CYP2C19*1/*2 genotype modestly affected the pharmacokinetic profiles of nelfinavir and M8 in patients with locally advanced pancreatic cancer.
本研究评估了CYP2C19基因多态性对胰腺癌患者中奈非那韦及其代谢产物M8药代动力学的影响。
对患者口服奈非那韦超过10天。通过高效液相色谱法测定奈非那韦和M8的血浆浓度。采用聚合酶链反应-限制性片段长度多态性方法测定CYP2C191、CYP2C192和CYP2C19*3的基因型。

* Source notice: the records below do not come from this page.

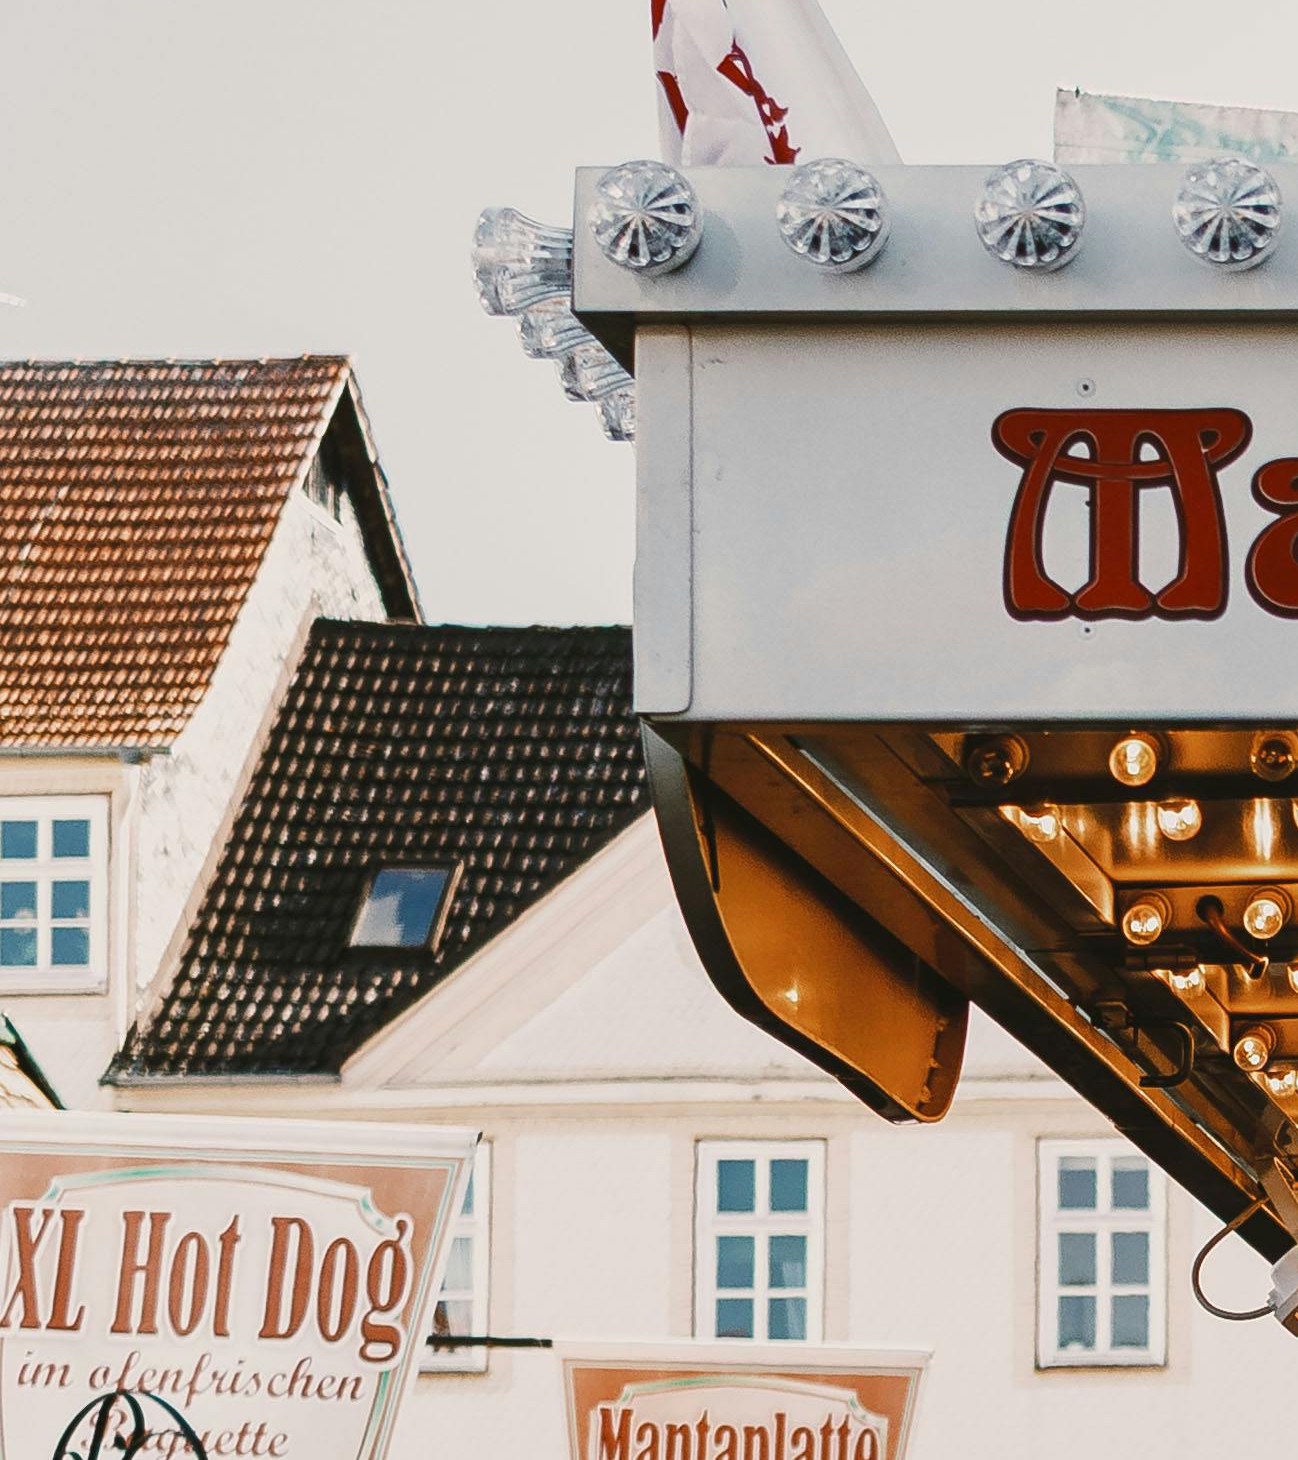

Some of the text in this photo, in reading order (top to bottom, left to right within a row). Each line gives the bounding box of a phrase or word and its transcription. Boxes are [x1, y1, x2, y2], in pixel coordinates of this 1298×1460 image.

[110, 1210, 242, 1338] Hot
[258, 1217, 410, 1362] Dog
[17, 1350, 364, 1408] im ofenfrischen
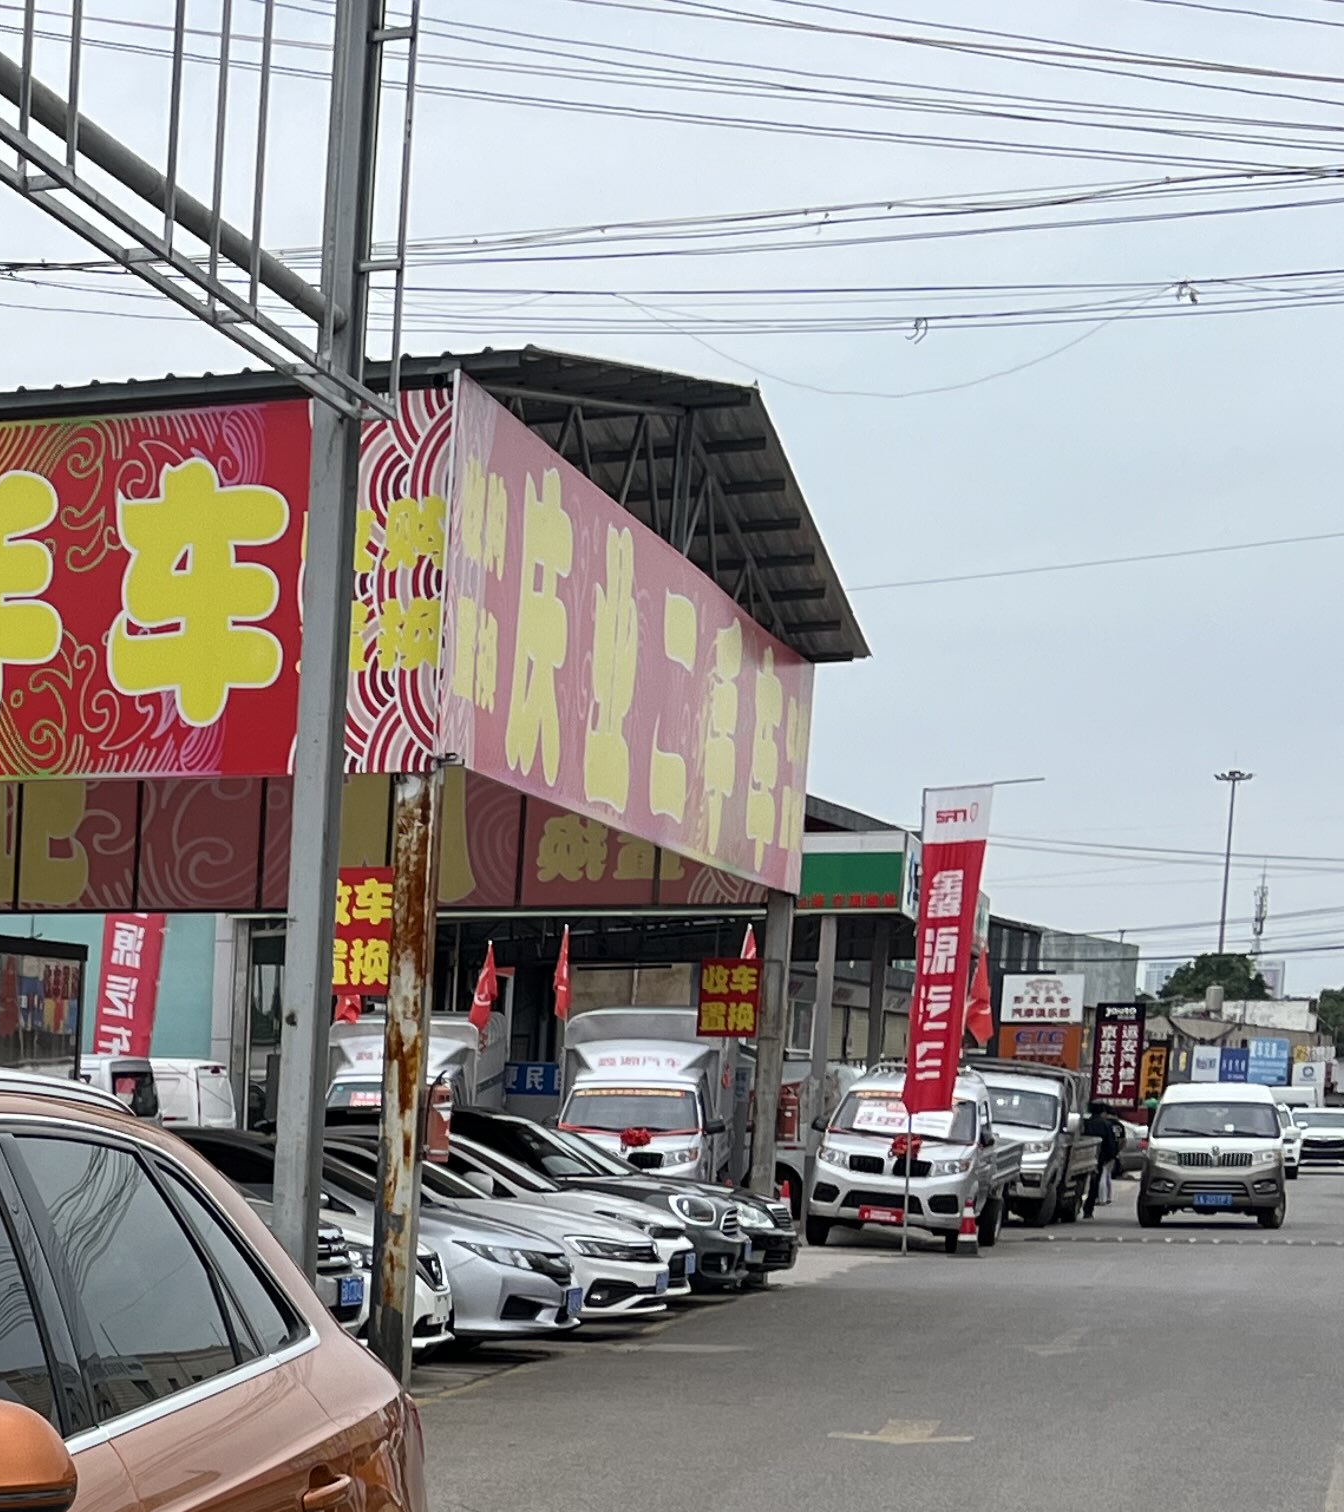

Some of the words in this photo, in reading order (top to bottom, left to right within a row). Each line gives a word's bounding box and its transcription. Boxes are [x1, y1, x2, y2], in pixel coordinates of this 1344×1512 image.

[505, 467, 783, 873] 庆业二手车
[701, 964, 758, 995] 收车

奈非那韦和M8的药代动力学特征表现为个体间差异较大。在每天两次给予625和1250 mg奈非那韦的剂量下,CYP2C19*1/1患者中奈非那韦的平均Cmax分别为3.89±0.40(n = 3)和5.12±0.41(n = 30)μg/ml,而CYP2C191/2患者中奈非那韦的平均Cmax分别为3.60(n = 1)和6.14±0.31(n = 5)μg/ml。对于M8代谢产物,在每天两次给予625和1250 mg奈非那韦的剂量下,CYP2C191/1患者中M8的平均Cmax分别为1.06±0.06(n = 3)和1.58±0.27(n = 30)μg/ml,而CYP2C191/2患者中M8的平均Cmax分别为1.01(n = 1)和1.23±0.15(n = 5)μg/ml。CYP2C191/1患者中奈非那韦的血浆浓度-时间曲线下面积(AUC(0,12 h))值分别为28.90±1.27和38.90±4.99 μg/ml·h,CYP2C19!/2患者中奈非那韦的AUC(0,12 h)在每天两次给予625和1250 mg奈非那韦的剂量下分别为28.20(n = 1)和40.22±3.17(n = 5)μg/ml·h。CYP2C191/*2患者中奈非那韦的Cmax显著更高(P<0.05),但AUC(0,12 h)无统计学差异。
CYP2C19*1/*2基因型对局部晚期胰腺癌患者中奈非那韦和M8的药代动力学特征有适度影响。